Chapter 8
Richard. Ein andres Pferd! verbindet meine Wunden! Erbarmen, Jesus!--Still, ich träumte nur. O feig Gewissen, wie du mich bedrängst!-- Das Licht brennt blau. Ist's nicht um Mitternacht? Mein schauerndes Gebein deckt kalter Schweiß. Was fürcht ich denn? mich selbst? Sonst ist hier niemand. Richard liebt Richard: das heißt, Ich bin Ich. Ist hier ein Mörder? Nein.--Ja, ich bin hier. So flieh.--Wie? vor dir selbst? Mit gutem Grund: Ich möchte rächen. Wie? mich an mir selbst? Ich liebe ja mich selbst. Wofür? für Gutes, Das je ich selbst hätt' an mir selbst getan? O leider, nein! Vielmehr haß ich mich selbst, Verhaßter Taten halb, durch mich verübt. Ich bin ein Schurke--doch ich lüg, ich bin's nicht. Tor, rede gut von dir! Tor, schmeichle nicht! Hat mein Gewissen doch viel tausend Zungen, Und jede Zunge bringt verschiednes Zeugnis, Und jedes Zeugnis straft mich einen Schurken. Meineid, Meineid, im allerhöchsten Grad, Mord, grauser Mord, im fürchterlichsten Grad, Jedwede Sünd', in jedem Grad geübt, Stürmt an die Schranken, rufend: Schuldig! schuldig! Ich muß verzweifeln.--Kein Geschöpfe liebt mich, Und sterb ich, wird sich keine Seel' erbarmen. Ja, warum sollten's andre? Find ich selbst In mir doch kein Erbarmen mit mir selbst. Mir schien's, die Seelen all, die ich ermordet, Kämen ins Zelt, und ihrer jede drohte Mit Rache morgen auf das Haupt des Richard.
(Ratcliff tritt auf.)
Ratcliff. Mein Fürst--
Richard. Wer ist da?
Ratcliff. Ratcliff, mein Fürst; ich bin's. Der frühe Hahn des Dorfs Tat zweimal Gruß dem Morgen; Eure Freunde Sind auf und schnallen ihre Rüstung an.
Richard. O Ratcliff, ich hatt' einen furchtbarn Traum!-- Was denkst du? halten alle Freunde stand?
Ratcliff. Gewiß, mein Fürst.
Richard. O Ratcliff! ich fürcht, ich fürchte--
Ratcliff. Nein, bester Herr, entsetzt Euch nicht vor Schatten.
Richard. Bei dem Apostel Paul! es warfen Schatten Zu Nacht mehr Schrecken in die Seele Richards, Als wesentlich zehntausend Krieger könnten, In Stahl und angeführt vom flachen Richmond. Noch wird's nicht Tag. Komm, geh mit mir, Ich will den Horcher bei den Zelten spielen, ob irgendwer von mir zu weichen denkt.

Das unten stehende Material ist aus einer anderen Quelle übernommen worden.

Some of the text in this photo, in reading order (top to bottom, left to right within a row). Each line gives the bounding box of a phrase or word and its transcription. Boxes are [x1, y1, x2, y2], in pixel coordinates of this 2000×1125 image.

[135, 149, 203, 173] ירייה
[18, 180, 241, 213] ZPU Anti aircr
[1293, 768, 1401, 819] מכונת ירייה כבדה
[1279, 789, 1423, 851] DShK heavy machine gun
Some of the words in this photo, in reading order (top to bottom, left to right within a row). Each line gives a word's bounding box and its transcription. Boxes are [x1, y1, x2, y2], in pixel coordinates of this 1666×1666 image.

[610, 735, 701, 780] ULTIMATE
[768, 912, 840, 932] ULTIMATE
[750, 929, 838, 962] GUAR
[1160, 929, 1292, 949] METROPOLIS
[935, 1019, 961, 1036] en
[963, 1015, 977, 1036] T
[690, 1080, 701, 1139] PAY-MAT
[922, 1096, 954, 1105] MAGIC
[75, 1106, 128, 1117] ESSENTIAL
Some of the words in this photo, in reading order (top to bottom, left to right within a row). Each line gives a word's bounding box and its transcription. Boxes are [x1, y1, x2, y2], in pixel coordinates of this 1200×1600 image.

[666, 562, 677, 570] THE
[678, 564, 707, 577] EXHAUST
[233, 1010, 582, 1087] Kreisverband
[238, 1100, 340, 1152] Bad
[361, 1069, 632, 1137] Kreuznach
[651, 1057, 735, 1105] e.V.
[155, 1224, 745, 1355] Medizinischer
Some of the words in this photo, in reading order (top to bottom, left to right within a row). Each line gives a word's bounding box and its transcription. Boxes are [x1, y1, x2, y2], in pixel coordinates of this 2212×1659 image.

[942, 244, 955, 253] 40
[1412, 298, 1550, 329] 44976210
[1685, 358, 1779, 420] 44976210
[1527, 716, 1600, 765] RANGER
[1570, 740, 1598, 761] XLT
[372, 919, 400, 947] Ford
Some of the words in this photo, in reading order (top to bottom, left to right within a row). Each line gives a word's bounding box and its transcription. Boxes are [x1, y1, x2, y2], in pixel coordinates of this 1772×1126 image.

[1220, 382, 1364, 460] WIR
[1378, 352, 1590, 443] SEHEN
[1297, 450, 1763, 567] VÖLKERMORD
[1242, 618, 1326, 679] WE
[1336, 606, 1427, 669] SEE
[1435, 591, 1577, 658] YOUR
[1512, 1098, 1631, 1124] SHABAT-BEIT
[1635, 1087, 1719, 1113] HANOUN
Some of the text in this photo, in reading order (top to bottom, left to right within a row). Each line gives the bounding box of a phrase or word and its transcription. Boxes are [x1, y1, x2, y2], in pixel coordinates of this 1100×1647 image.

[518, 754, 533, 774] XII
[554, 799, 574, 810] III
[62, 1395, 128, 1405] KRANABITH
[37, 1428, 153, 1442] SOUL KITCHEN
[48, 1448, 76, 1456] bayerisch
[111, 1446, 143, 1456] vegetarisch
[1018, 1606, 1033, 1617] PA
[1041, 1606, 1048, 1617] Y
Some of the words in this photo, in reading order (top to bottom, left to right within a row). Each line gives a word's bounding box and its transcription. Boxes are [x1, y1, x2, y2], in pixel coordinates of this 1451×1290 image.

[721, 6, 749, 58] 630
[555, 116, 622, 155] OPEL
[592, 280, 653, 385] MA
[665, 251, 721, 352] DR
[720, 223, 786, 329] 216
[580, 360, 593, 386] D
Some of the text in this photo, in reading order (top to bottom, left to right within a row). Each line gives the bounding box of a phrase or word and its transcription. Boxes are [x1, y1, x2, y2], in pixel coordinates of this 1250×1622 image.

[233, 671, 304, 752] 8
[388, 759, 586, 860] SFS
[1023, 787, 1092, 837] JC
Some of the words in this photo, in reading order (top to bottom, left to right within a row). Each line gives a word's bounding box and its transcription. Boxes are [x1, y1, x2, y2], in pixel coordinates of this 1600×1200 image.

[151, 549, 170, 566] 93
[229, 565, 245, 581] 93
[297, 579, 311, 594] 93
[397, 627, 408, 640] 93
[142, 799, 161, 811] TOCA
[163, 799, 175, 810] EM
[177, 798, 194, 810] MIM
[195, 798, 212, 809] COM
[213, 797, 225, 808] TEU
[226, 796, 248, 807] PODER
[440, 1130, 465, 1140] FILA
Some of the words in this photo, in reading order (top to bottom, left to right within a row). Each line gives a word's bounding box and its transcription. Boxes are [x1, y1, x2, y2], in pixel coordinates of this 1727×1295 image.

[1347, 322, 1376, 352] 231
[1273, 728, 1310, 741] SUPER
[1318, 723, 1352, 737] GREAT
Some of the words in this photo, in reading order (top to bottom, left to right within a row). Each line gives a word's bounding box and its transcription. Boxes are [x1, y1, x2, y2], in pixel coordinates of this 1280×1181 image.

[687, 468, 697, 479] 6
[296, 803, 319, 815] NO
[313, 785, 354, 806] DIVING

(König Richard und Ratcliff ab.)
(Richmond erwacht. Oxford und andre treten auf.)
Lords. Guten Morgen, Richmond.
Richmond Bitt um Verzeihung, Lords und wache Herrn, Daß Ihr einen trägen Säumer hier ertappt.
Lords. Wie schliefet Ihr, Mylord?
Richmond Den süß'sten Schlaf und Träume schönster Ahndung, Die je gekommen in ein müdes Haupt, Hab ich gehabt, seit wir geschieden, Lords. Mir schien's, die Seelen, deren Leiber Richard Gemordet, kämen in mein Zelt und riefen: Wohlauf! zum Sieg! Glaubt mir, mein Herz ist freudig In der Erinnrung solchen holden Traums. Wie weit schon ist's am Morgen, Lords?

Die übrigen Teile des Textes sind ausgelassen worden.